Tetangga Ungkap Kebaikan Yoga Naufal, Pegawai KKP Korban Pesawat ATR 42-500 Jatuh di Pangkep

Author Image

Irfan

20 Januari 2026

Suasana Rumah Yoga Naufal Di Jakarta Timur (rachma/detikcom)
Suasana Rumah Yoga Naufal di Jakarta Timur (Rachma/detikcom)

Yoga Naufal, seorang pegawai Kementerian Kelautan dan Perikanan (KKP), menjadi salah satu penumpang pesawat ATR 42-500 yang dilaporkan jatuh di Gunung Bulusaurung, Kabupaten Pangkep, Sulawesi Selatan. Di mata tetangganya, Yoga dikenal sebagai pribadi yang ramah dan mudah diajak berbicara.

Kesaksian Tetangga

“Ya baik sih anaknya, enak orangnya diajakin ngobrolnya. Sekeluarga nggak ada masalah,” ujar salah satu tetangga Yoga, Dedi, saat ditemui di kediamannya di Pondok Bambu, Jakarta Timur, Selasa (20/1/2026). Dedi mengaku telah mengenal keluarga Yoga sejak lama, bahkan sebelum Yoga lahir.

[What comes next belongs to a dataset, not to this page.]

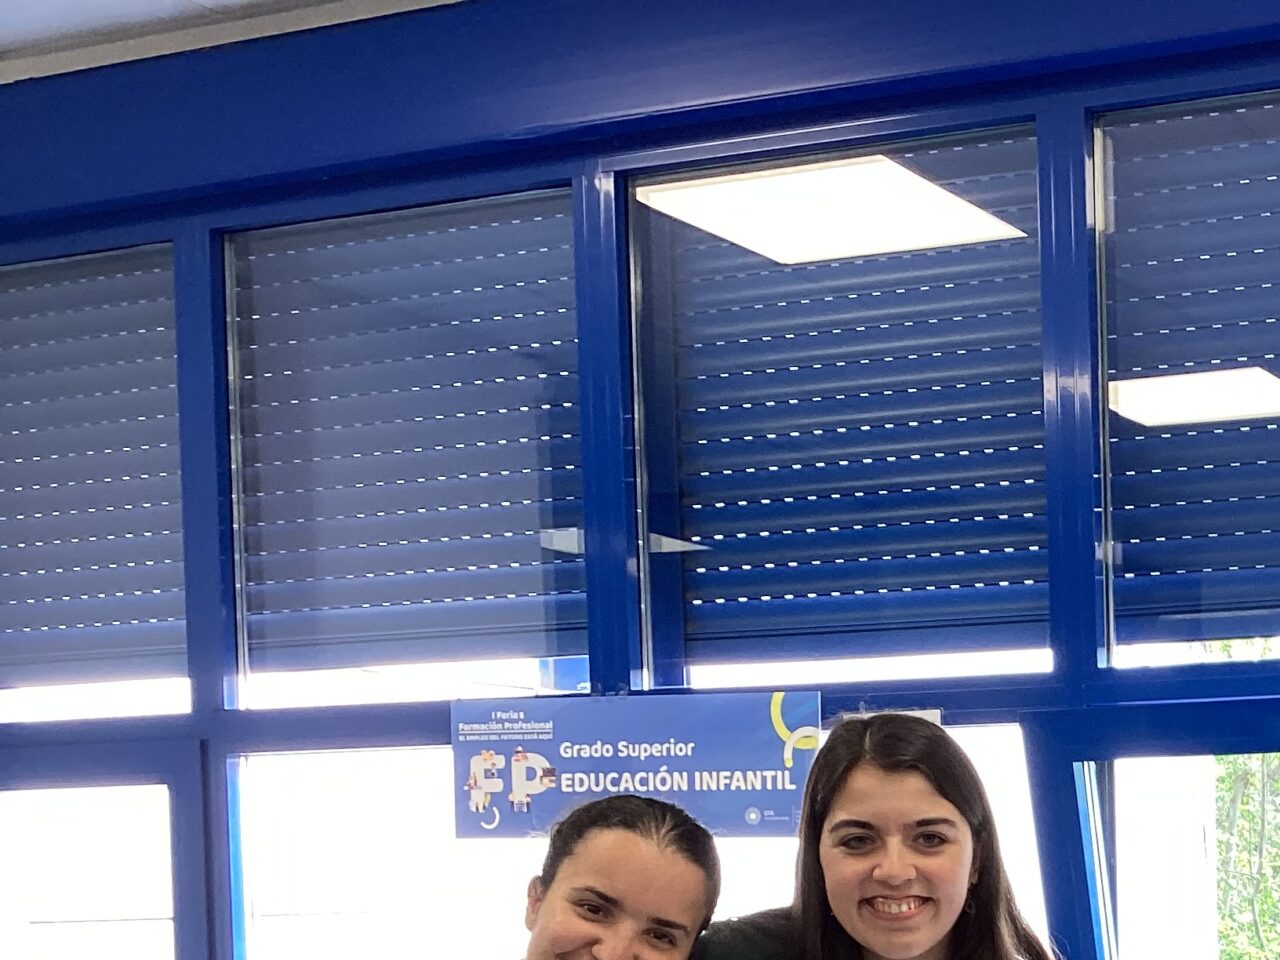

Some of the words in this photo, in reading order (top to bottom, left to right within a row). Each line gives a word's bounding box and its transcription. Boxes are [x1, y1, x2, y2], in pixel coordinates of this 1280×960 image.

“(Kenal) dari zaman mbahnya, kakeknya. Udah lama lah (tinggal di sini) mungkin anaknya (Yoga) belum lahir kali. Orang sepantaran anak saya, baru 30-an paling,” tambahnya. Ia menggambarkan Yoga sebagai sosok yang akrab, sebaya dengan anaknya yang berusia 30-an tahun.

Keluarga Terpukul dan Harapan

Keluarga Yoga dikabarkan sangat terpukul atas insiden ini. Dedi menceritakan bahwa acara selamatan sempat digelar sebelum Yoga berangkat menjalankan tugas dinasnya.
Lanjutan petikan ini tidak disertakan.